--- Assigned task ---
The whole listing, exactly as given: write it out, leaving out each image.

(Data under study)

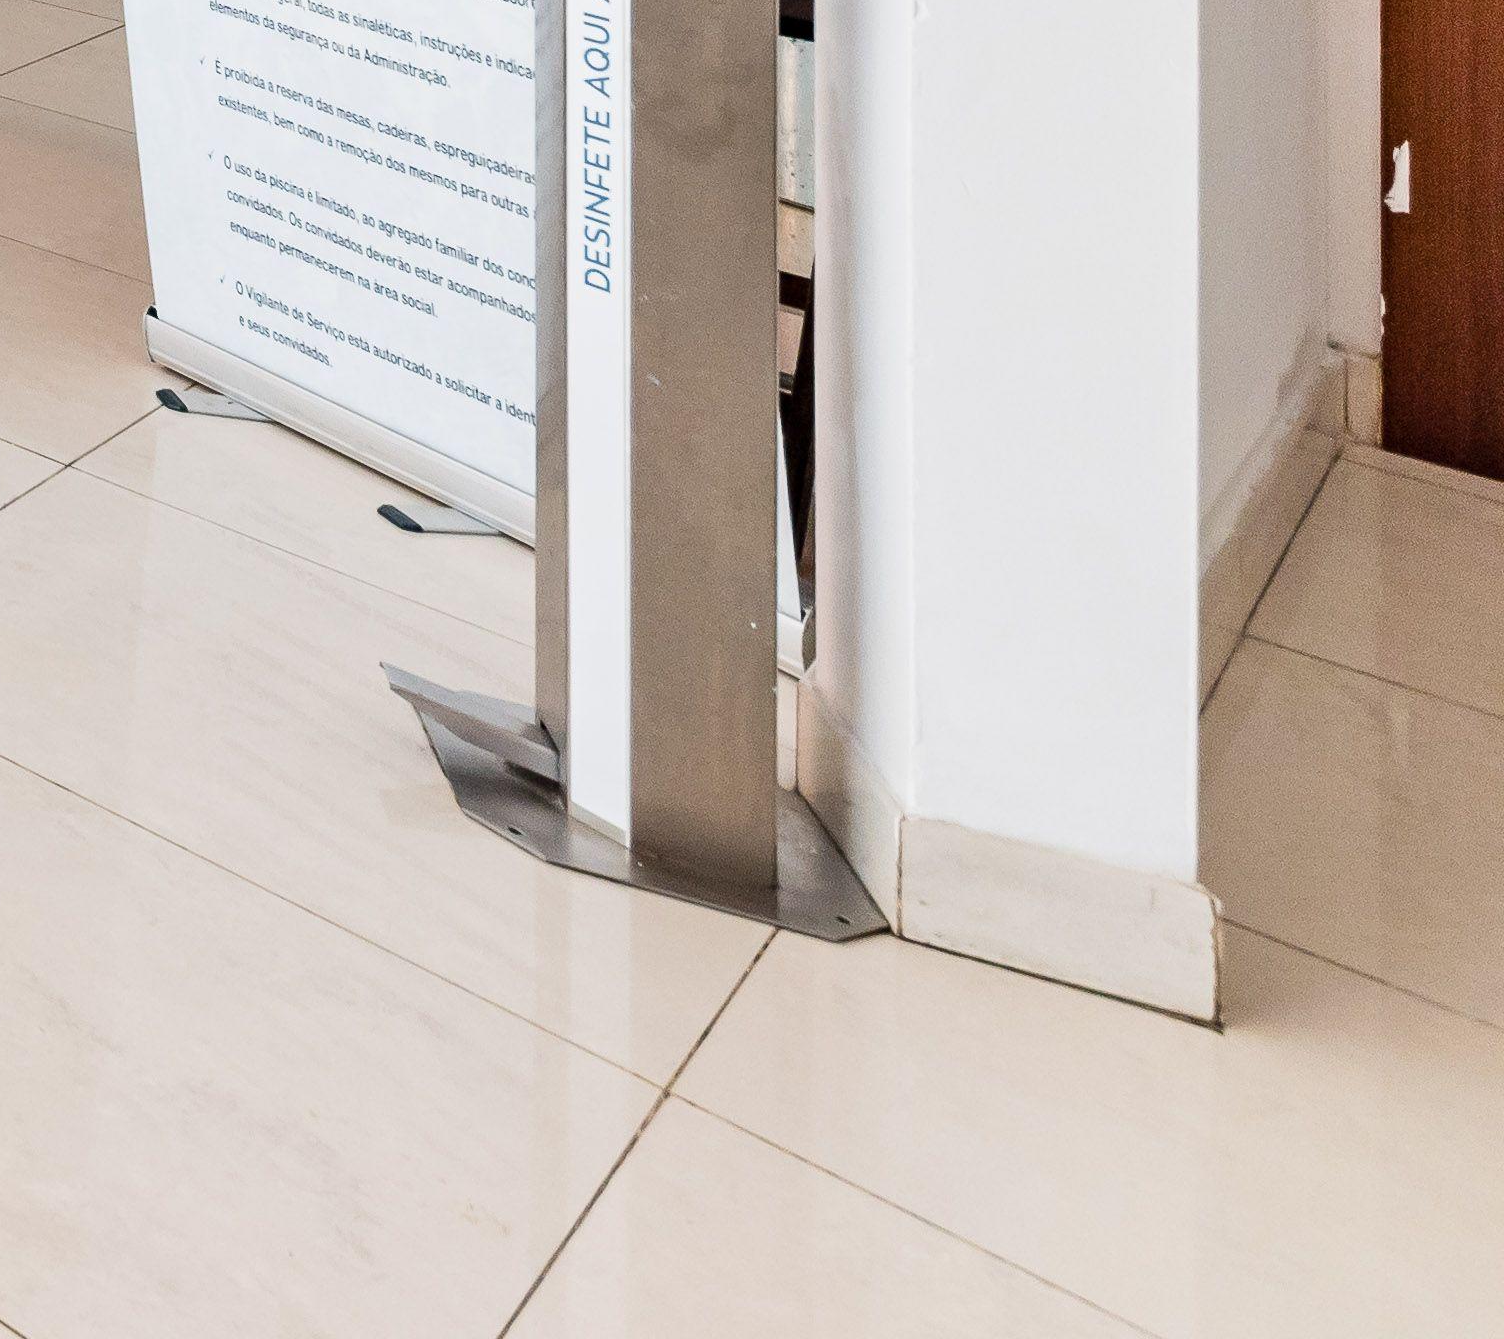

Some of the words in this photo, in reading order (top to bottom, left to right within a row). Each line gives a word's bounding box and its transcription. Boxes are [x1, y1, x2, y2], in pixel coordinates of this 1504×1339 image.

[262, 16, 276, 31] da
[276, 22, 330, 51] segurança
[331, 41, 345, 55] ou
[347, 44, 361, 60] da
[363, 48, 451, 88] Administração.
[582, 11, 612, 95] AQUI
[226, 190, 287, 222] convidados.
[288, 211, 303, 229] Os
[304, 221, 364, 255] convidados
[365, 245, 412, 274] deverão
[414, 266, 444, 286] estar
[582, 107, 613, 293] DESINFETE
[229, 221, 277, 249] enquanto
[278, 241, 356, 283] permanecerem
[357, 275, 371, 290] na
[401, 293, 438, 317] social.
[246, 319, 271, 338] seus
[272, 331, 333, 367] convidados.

(End Data under study)

--- Answer section ---
Some of the words in this photo, in reading order (top to bottom, left to right within a row). Each line gives a word's bounding box and its transcription. Boxes are [x1, y1, x2, y2], in pixel coordinates of this 1504×1339 image.

[262, 16, 276, 31] da
[276, 22, 330, 51] segurança
[331, 41, 345, 55] ou
[347, 44, 361, 60] da
[363, 48, 451, 88] Administração.
[582, 11, 612, 95] AQUI
[226, 190, 287, 222] convidados.
[288, 211, 303, 229] Os
[304, 221, 364, 255] convidados
[365, 245, 412, 274] deverão
[414, 266, 444, 286] estar
[582, 107, 613, 293] DESINFETE
[229, 221, 277, 249] enquanto
[278, 241, 356, 283] permanecerem
[357, 275, 371, 290] na
[401, 293, 438, 317] social.
[246, 319, 271, 338] seus
[272, 331, 333, 367] convidados.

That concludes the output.